In 2012, Title VII of the Civil Rights Act of 1964 was changed so that it could include protection in the workplace towards LGBTQ members, and while this was a nationally issued bill, each individual state was entitled to accommodate protection in their own manner. However, the constitutionality that was being violated was the first amendment. Texas being on the more conservative side of the spectrum, offered no form of protection for these workers, meaning that companies were legally allowed to discriminate towards LGBTQ workers if the situation ever arouse, and since there was no way of preventing a company from firing them, there was also little to no help in taking legal retaliation towards these discriminatory acts. For 48 years, there was no form of protection for this community, and when it was finally offered there were mandated rights that only a few in select states were privileged to attain (Exploring Constitutional Conflict, 2018, p.3). In the past decade, while some form of assurance was present, these discriminatory cases are a dime a dozen, such as the Supreme Court Case of Altitude Express Inc. V. Zarda, an employee, Don Zarda, while instructing a tandem skydiving lesson informed a female customer that he was in fact gay as a method to ease her opposition to having a male stranger grab her during the lesson (American Civil Liberties Union, 2019, p.3). After Zarda’s employer came to the realization that he ‘came out’ to an employee, he was immediately fired, thus leaving him in financial ruins, and such filing a lawsuit for LGBTQ discrimination. Similarly, there is the case of R.G. & G.R. Harris Funeral Homes V. EEOC And Aimee Stephens, in which Aimee Stephens informed her employer that she is in fact transgender woman and as such would identify as one at work, in a form of retaliation, she was fired within two weeks leaving her in financial ruins; however, the ACLU assisted Aimee with the filing of a complaint with the federal Equal Employment Opportunity Commission (Employment Discrimination against LGBT People, 2015, p.1). This enabled her to sue the funeral home for sex discrimination and as such entitled her to financial and emotional compensation.

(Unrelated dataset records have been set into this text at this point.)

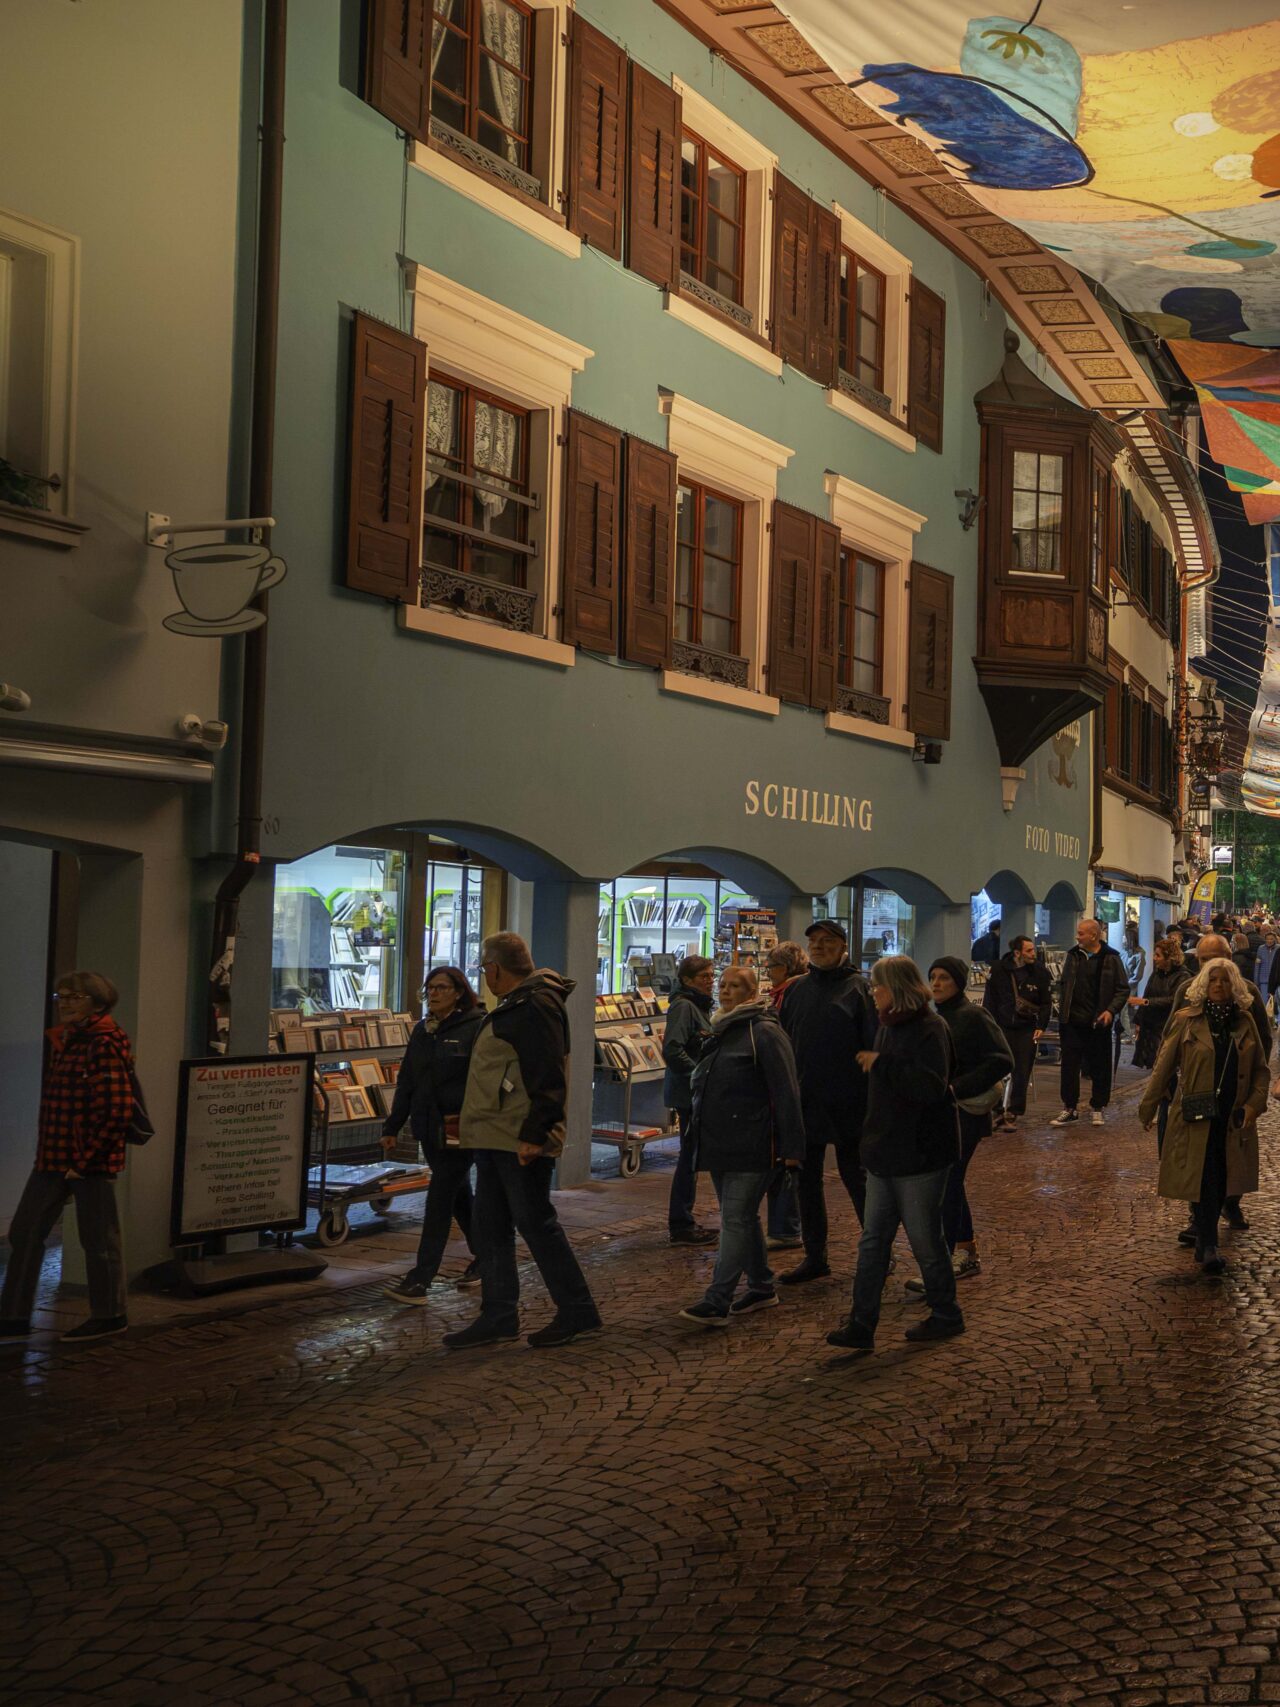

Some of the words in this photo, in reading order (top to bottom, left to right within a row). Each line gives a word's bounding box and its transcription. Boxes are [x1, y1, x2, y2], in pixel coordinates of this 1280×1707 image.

[745, 780, 873, 831] SCHILLING
[1026, 825, 1050, 853] FOTO
[1055, 832, 1080, 860] VIDEO
[196, 1068, 218, 1082] Zu
[221, 1064, 300, 1080] vermieten
[207, 1101, 265, 1115] Geeignet
[268, 1099, 287, 1110] für:

Texas is heavily conservative republican state offers little to none protection towards those of the LGBTQ community, and such would rank poorly in the 2017 State Equality Index, in which it revealed that most find themselves in unfavorable disadvantages when it comes to legal protection which is very similar to the legal equality that is offered in the state of Arizona, which offers slightly more inclusive laws (Exploring Constitutional Conflict, 2018, p.4). While in contrast, California is one of the most tolerant states when it comes to LGBTQ members whether that being marriage or legal equity, and as such has such a high population of those of identify in the LGBTQ spectrum; moreover, California statewide recognized these sexualities and legalized same-sex sexual activity in 1976, thus offering a greater employment protection (Exploring Constitutional Conflict, 2018, p.5).

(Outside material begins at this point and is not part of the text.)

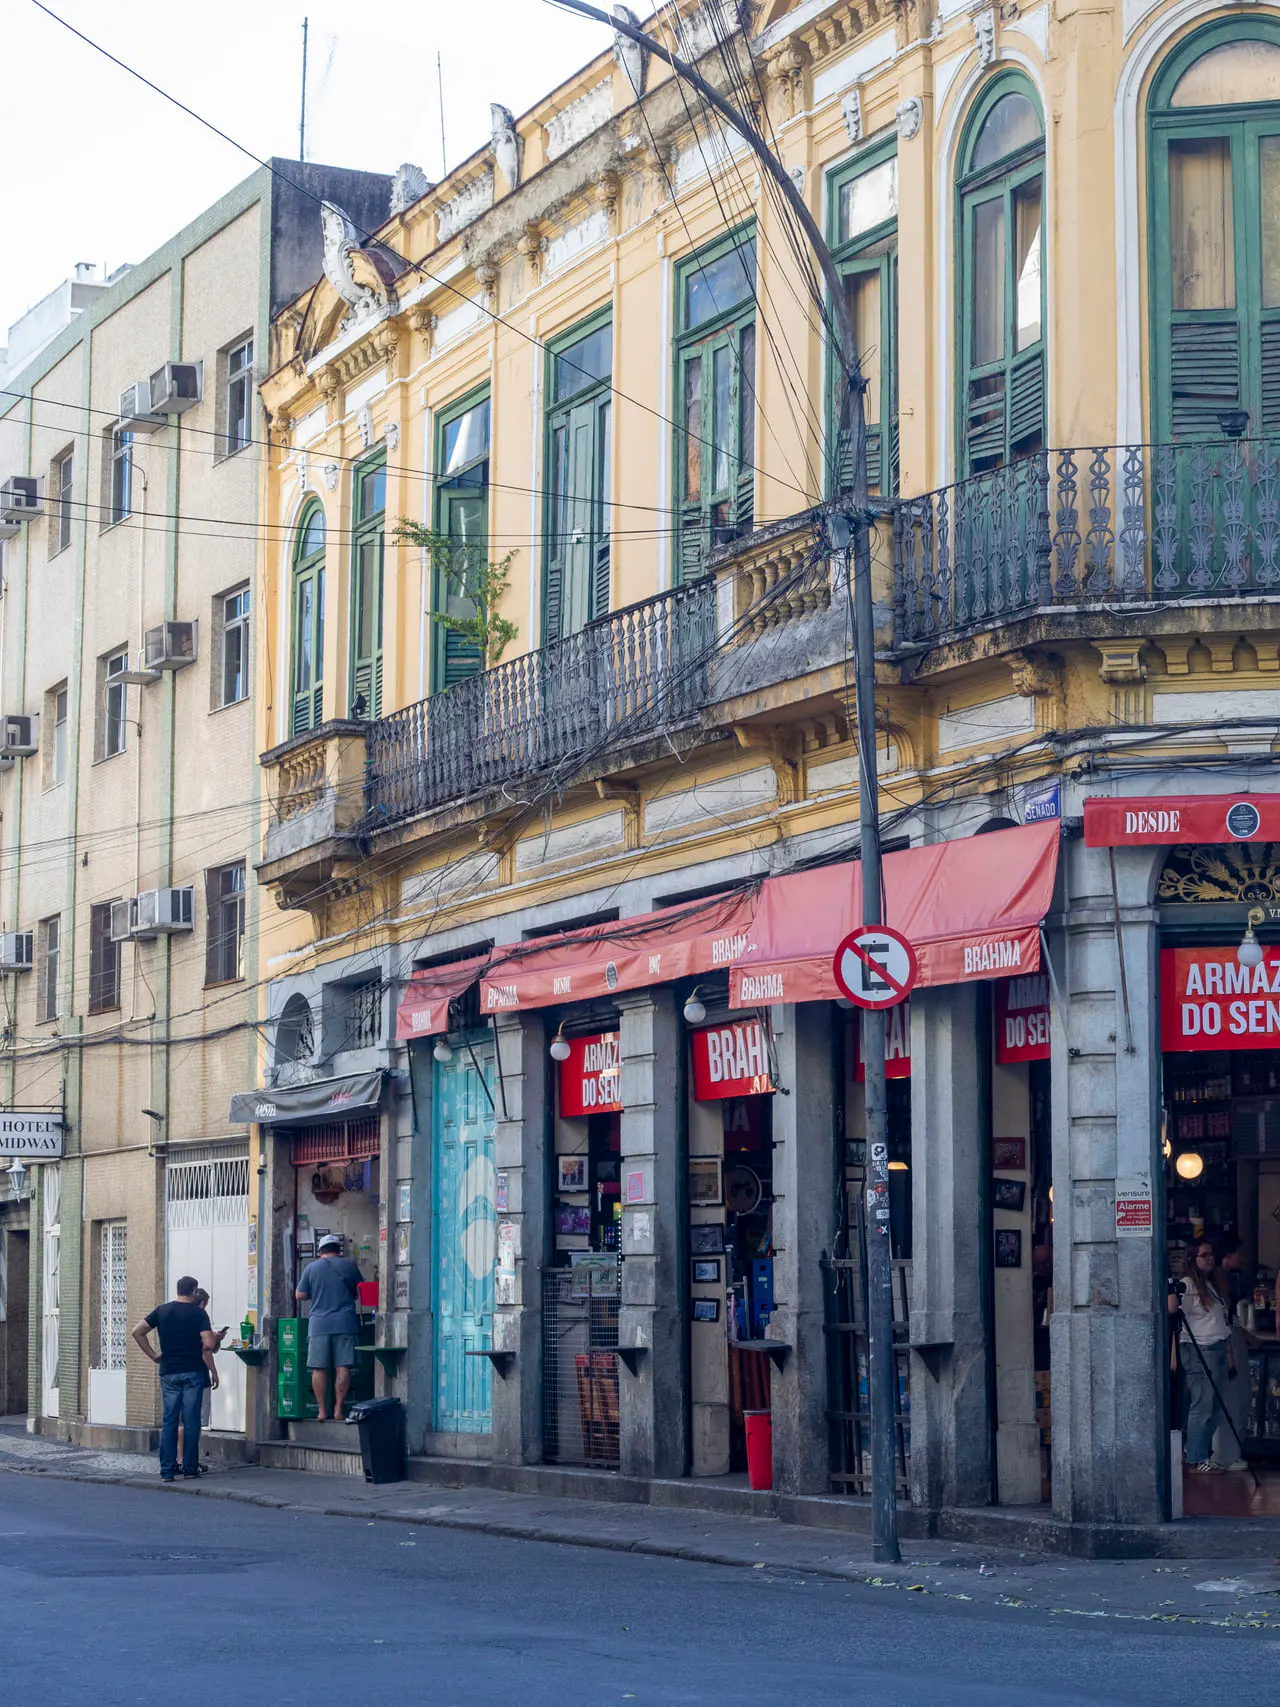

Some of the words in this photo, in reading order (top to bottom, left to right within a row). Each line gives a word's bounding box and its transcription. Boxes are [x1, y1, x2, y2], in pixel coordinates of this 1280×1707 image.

The LGBTQ community, being considered as a minority is left vulnerable when it comes to employment security. In many cases, they are low income, thus resulting in a dangerous situation that can affect almost every factor of life. Lower Socio-economic groups are heavily affected by job insecurity but, in a scenario, where unemployment can be determined by sexuality rather than job performance leaves these groups of people feeling like they have no voice. Public opinion, nationwide at least, agrees that there is some form of discrimination towards members of the LGBTQ Community when it comes to employment, such as in the military when only recently the “Don’t Ask. Don’t Tell” (De la Garza, 2018, p.1). Policy was abolished for in discrimination towards LGBTQ Soldiers that caused to have a dishonorable discharge. When it comes to politics, Democratic Legislators realize that discrimination is a serious issue but those of the Republican party do no acknowledge their struggles and see it as a method of promoting democratic ideologies to the public, rather than seeing it a fundamental human right to have equality for all, in this case being job security and legal protection; moreover, these debates inevitably leads to a deadlock in which there is no winner, but leaves the LGBTQ community as the undeniable losers (De la Garza, 2018, p.4).

The United States Equal Employment Opportunity Commission is responsible for enforcing federal laws that make it illegal to discriminate against a job applicant or an employee because of the person’s race, color, religion, sex (including pregnancy, gender identity, and sexual orientation), national origin, age, or disability. While the federal government plays an important role in employment equality, while the executive branch of government plays a huge role due to enforcing legality of employment laws, the legislative branch of government has a moderate role in these situations since it can promote equal rights and opportunity for all (The Worst (and Best) Places to Be Gay in America, 2017, pg.4). However, it has little to no power when it comes to ensuring whether or not legal action will proceed. Similarly, the judicial branch of government only gets involved when these cases reach a standstill in which state judicial courts can not determine an outcome. While there are no other government agencies that have authority in these matters, a branch agency can be formed that can enforce and support minorities, specifically, LGBTQ members. This is done in a manner in which they are more predominantly supported in these legal cases at a state level, in order to close the gap of legal support that is present in the heavily conservative states that offer no protection (The Worst (and Best) Places to Be Gay in America, 2017, pg.5).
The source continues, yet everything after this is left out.